Since our dyed eggs haven't turned out too well, we thought we might have better results drawing them.

While we were drawing, Tiger wondered what the connection is between the chocolate eggs and Jesus.  We had talked about this before but he obviously needed some reminder, so I pointed him to the videos that we had watched two years ago.

As we watched the video about how the festival of Easter has evolved from the fertility goddess of ancient Mesopotamia through to the Anglo Saxon times, Tiger was intrigued by a piece of obscure information about an ancient manuscript, the Codex Sinaiticus

He then took it upon himself to look through the ancient Greek text on the British Library website, and spent the next hour and a half attempting to translate it from ancient Greek to modern English.  I did suggest to Tiger that he has a better chance of success at translating ancient Chinese texts since I can give him a hand at that but I can't help with ancient Greek.  Despite my offer, Tiger decided to have a go at translating the Codex anyway, and he got as far as translating the first stanza in 1.5 hours.  It was a slow, long-drawn process by the looks of it, but I think he's off to a good start.  In the process, Tiger taught himself much about ancient Christian history and theology, translation techniques, texts comparisons, and language rules (grammar, syntax, sentence structure).  It is all quite fascinating to watch.

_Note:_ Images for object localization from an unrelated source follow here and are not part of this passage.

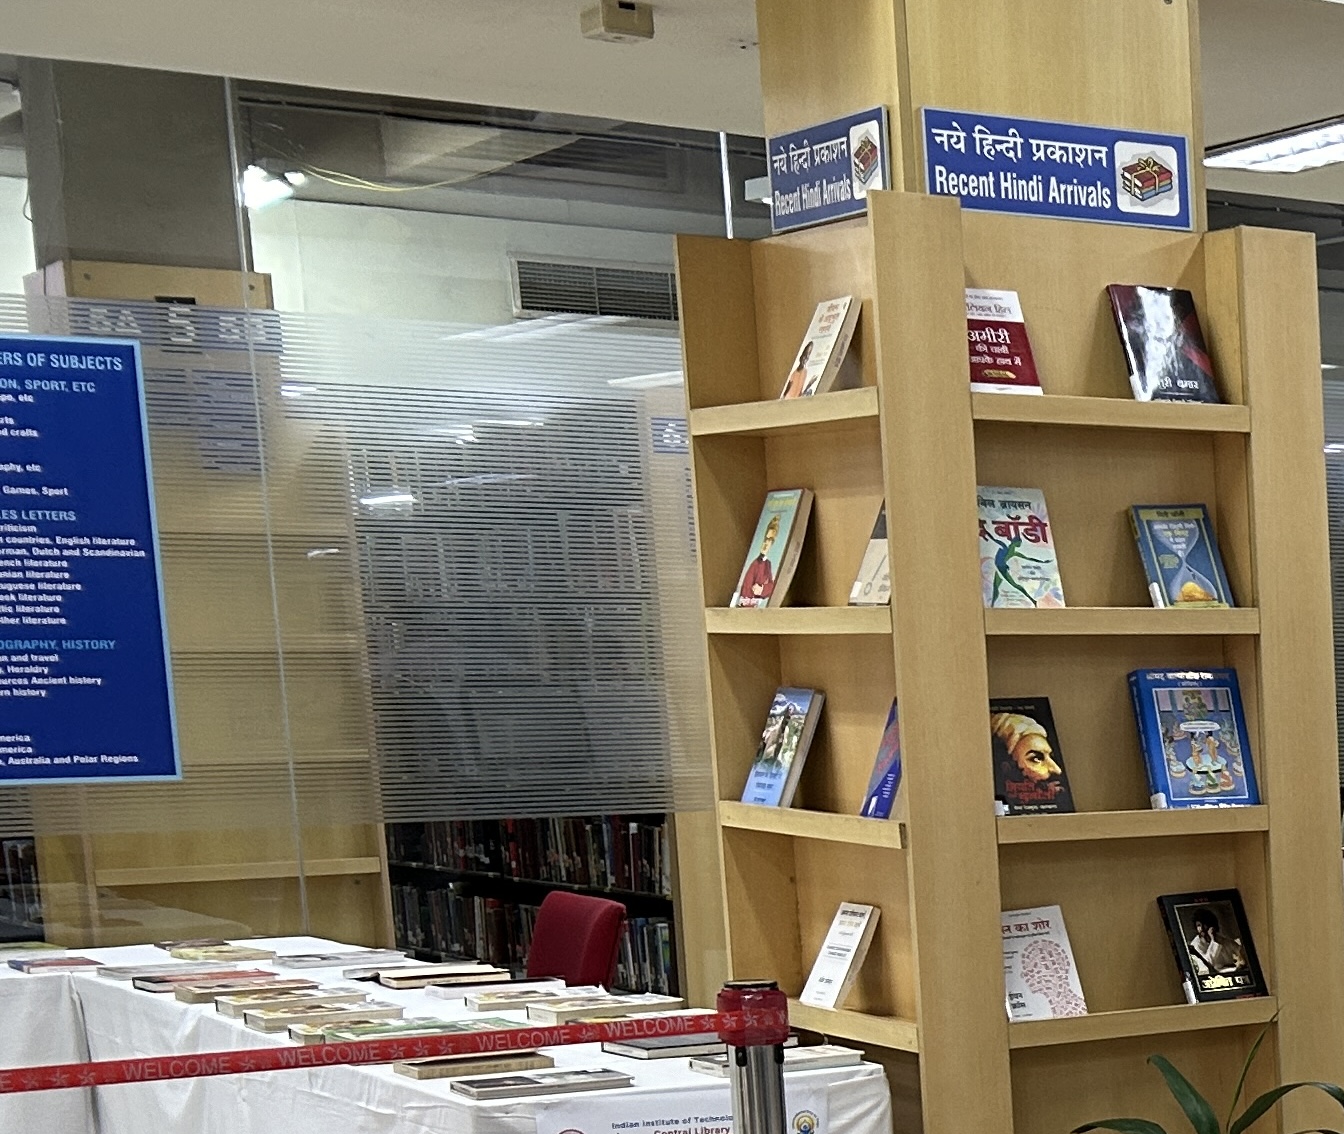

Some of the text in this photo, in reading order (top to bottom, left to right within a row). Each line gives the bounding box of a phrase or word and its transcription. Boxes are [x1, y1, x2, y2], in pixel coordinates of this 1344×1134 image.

[931, 121, 1108, 168] नये हिन्दी प्रकाशन
[772, 137, 847, 175] नये हिन्दी प्रकाशन
[935, 165, 1111, 209] Recent Hindi Arrivals
[775, 174, 851, 216] Recent Hindi Arrivals
[27, 353, 123, 371] OF SUBJECTS
[25, 380, 69, 392] SPORT,
[72, 382, 96, 393] ETC
[18, 394, 34, 402] etc
[26, 464, 42, 472] etc
[2, 486, 69, 496] Games, Sport
[22, 510, 77, 521] LETTERS
[55, 536, 90, 546] English
[92, 537, 136, 546] literature
[32, 548, 146, 557] Dutch and Scandinavian
[24, 559, 68, 567] literature
[26, 571, 70, 579] literature
[38, 582, 81, 590] literature
[16, 605, 60, 613] literature
[22, 617, 66, 625] literature
[62, 640, 116, 649] HISTORY
[11, 654, 59, 662] and travel
[7, 665, 49, 674] Heraldry
[31, 677, 102, 685] Ancient history
[13, 688, 47, 697] history
[8, 757, 51, 765] Australia
[101, 755, 138, 764] Regions
[603, 1015, 696, 1037] WELCOME
[476, 1030, 571, 1051] WELCOME
[276, 1043, 381, 1066] WELCOME
[122, 1056, 231, 1081] WELCOME
[642, 1118, 680, 1127] Institute
[682, 1117, 691, 1125] of

Once he has had enough of translating, we resumed our happy research on Easter chocolate eggs and how they are made in the factory:

From the consumer perspective where we see chocolate eggs stacked along the shelves of supermarkets, we then moved slowly along the supply chain and traced the source of the main ingredient, cocoa beans.  What we found is not a happy situation at all:

Tiger was slightly upset -- as any naturally uncorrupted human being would be -- by what he saw in the documentary above, but I think it is important for him to start becoming aware that our relatively safe, first-world existence is not to be taken for granted, and that many people suffer injustice and exploitation every day.  Although we may not be able to offer a solution, at the very least we should not become part of the problem by sheltering ourselves in apathy and igorance.